Chronic pain as a trigger for street opioid use: A systematic review

The current opioid overdose crisis is significantly influenced by the evolving dynamics of drug markets, with fentanyl emerging as the predominant opioid in North America. Chronic pain remains a key driver of prescription opioid use among drug-using populations worldwide. This review examines the association between opioid misuse and chronic pain, particularly the transition from other prescribed analgesics to unprescribed fentanyl for pain management. We conducted a systematic review of literature from MEDLINE, CINAHL, Web of Science Core Collection, and PsycInfo using a combination of keywords, medical subject headings (MeSH), and Non-MeSH terms such as “fentanyl,” “chronic pain,” and “misuse.” All papers that described unprescribed fentanyl use to treat pain were included. After screening, 16 studies remained, including case studies, qualitative studies, observational cross-sectional studies, and retrospective observational studies.

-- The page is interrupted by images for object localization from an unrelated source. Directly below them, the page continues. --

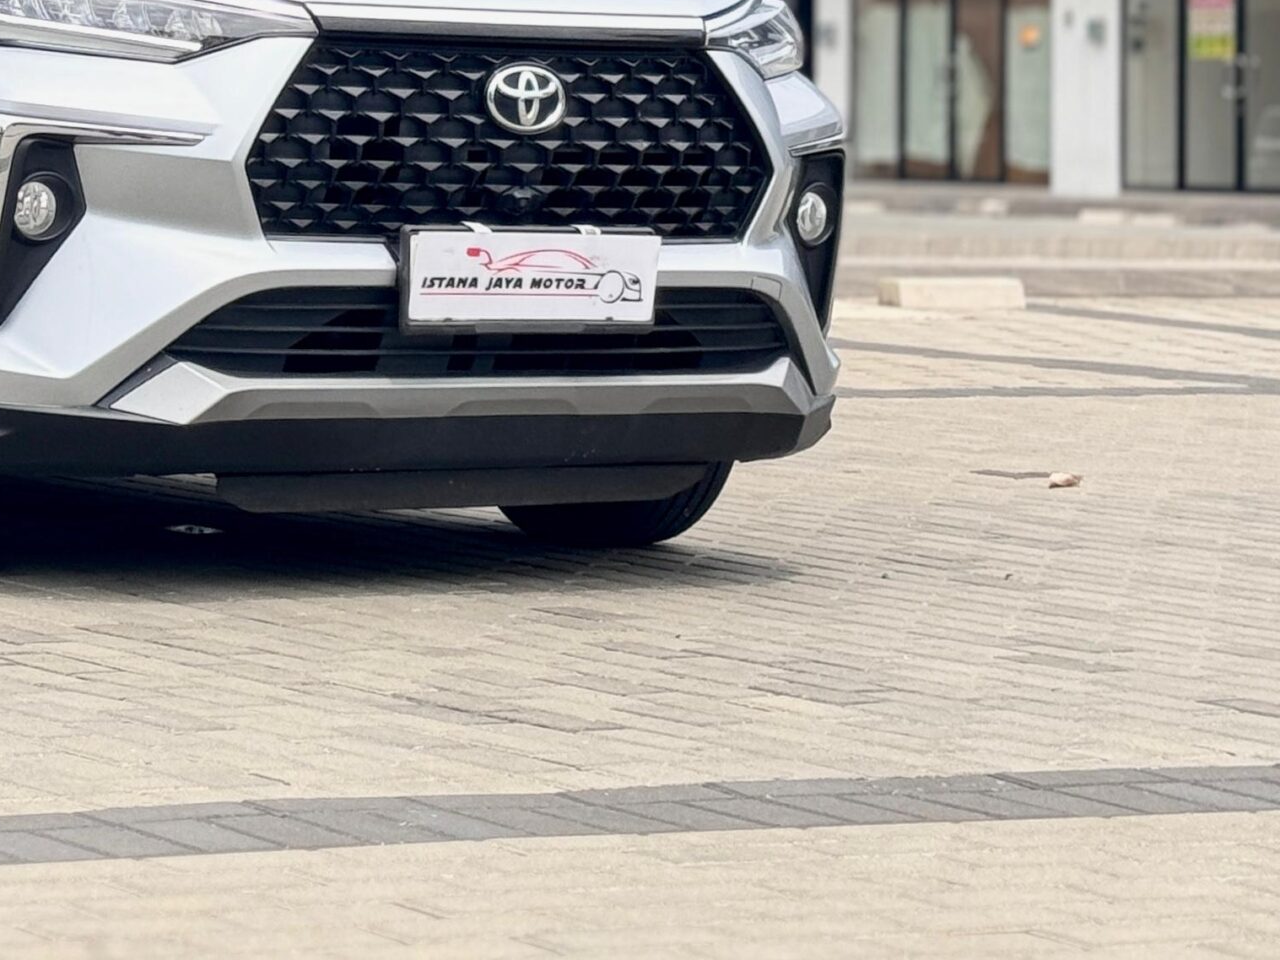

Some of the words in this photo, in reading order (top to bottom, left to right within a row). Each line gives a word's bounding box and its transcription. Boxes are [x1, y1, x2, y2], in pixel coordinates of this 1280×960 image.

[422, 276, 478, 289] ISTANA
[485, 277, 523, 291] JAYA
[529, 277, 587, 290] MOTOR
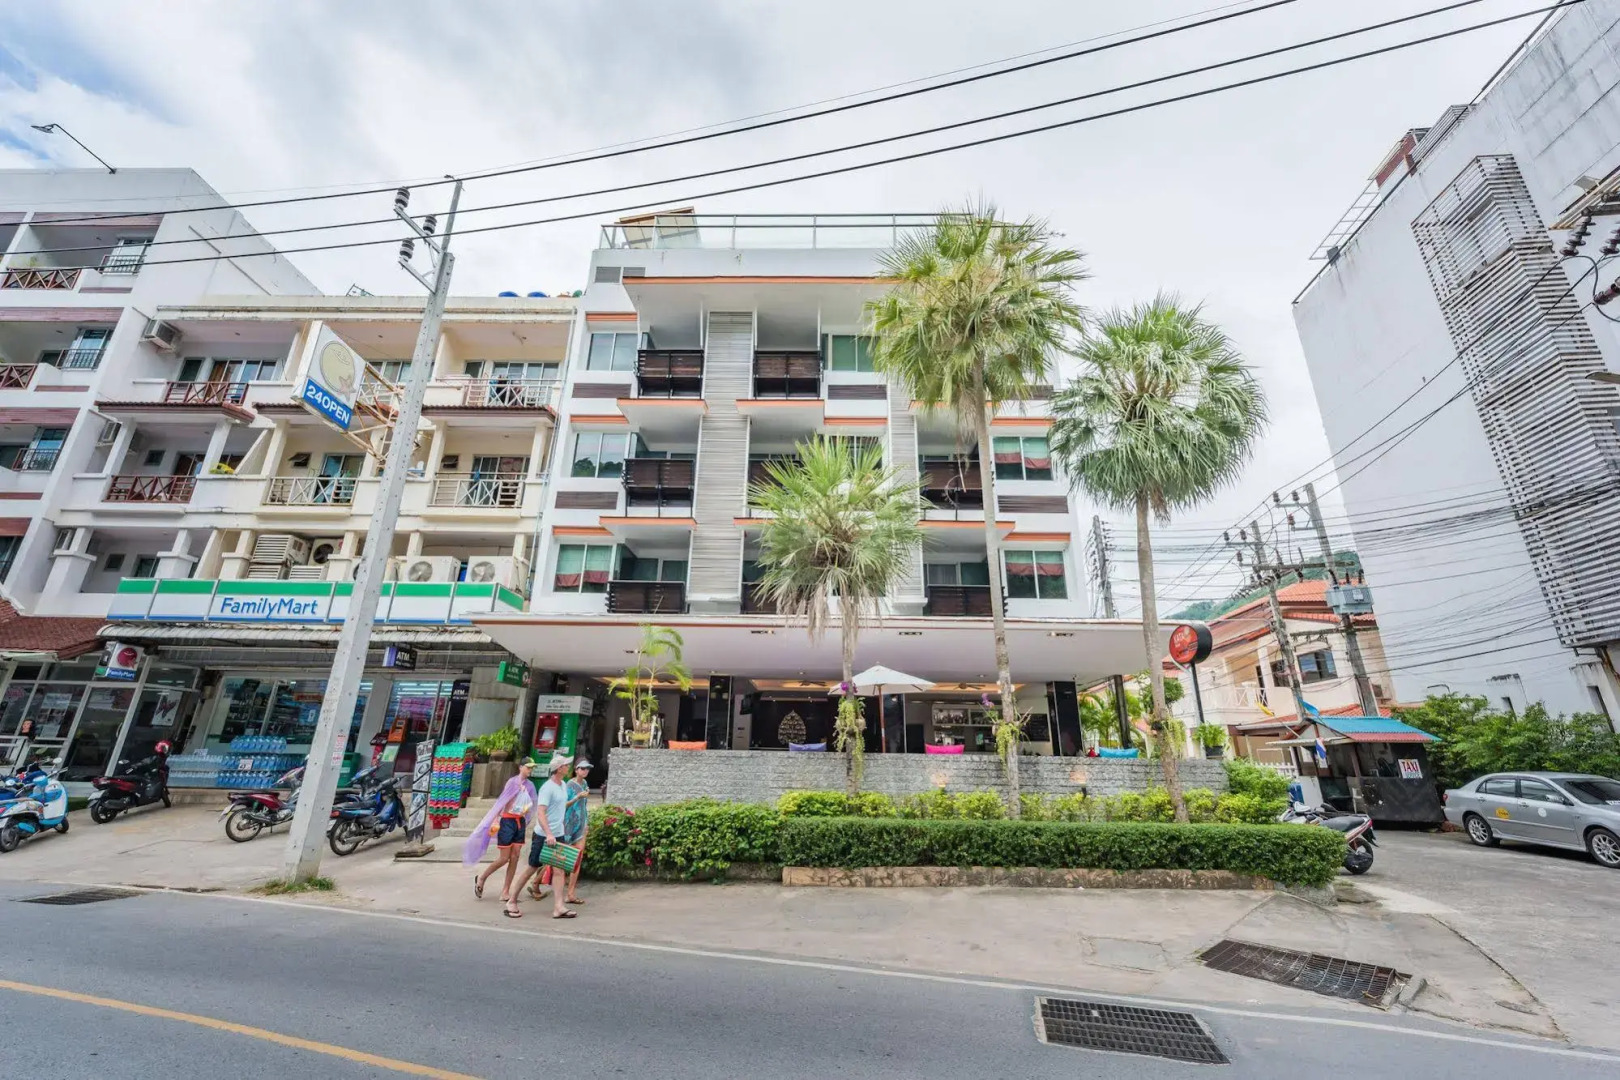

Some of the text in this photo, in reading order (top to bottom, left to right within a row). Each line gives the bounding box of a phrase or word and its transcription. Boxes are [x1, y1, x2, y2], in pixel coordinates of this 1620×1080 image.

[306, 385, 350, 424] 24OPEN
[221, 597, 318, 618] FamilyMart
[397, 651, 410, 660] ATM
[1402, 761, 1419, 772] TAXI

Findings indicate that motivation for street fentanyl use often stemmed from a lack of sufficient pain management from prescribed medications. The stigma surrounding opioid prescriptions emerged as a major barrier; patients expressed shame when requesting higher doses of opioids, and providers were hesitant to prescribe them. One limitation of this review is the small number of included studies and the heterogeneity of study designs, which may limit generalizability. Overall, our review found that un- or undertreated chronic pain is a critical reason fueling the shift toward fentanyl use in the current overdose crisis. Improvements in access to qualified pain treatment and targeted training for clinicians in opioid stewardship and pain monitoring may help reduce the number of street opioid users.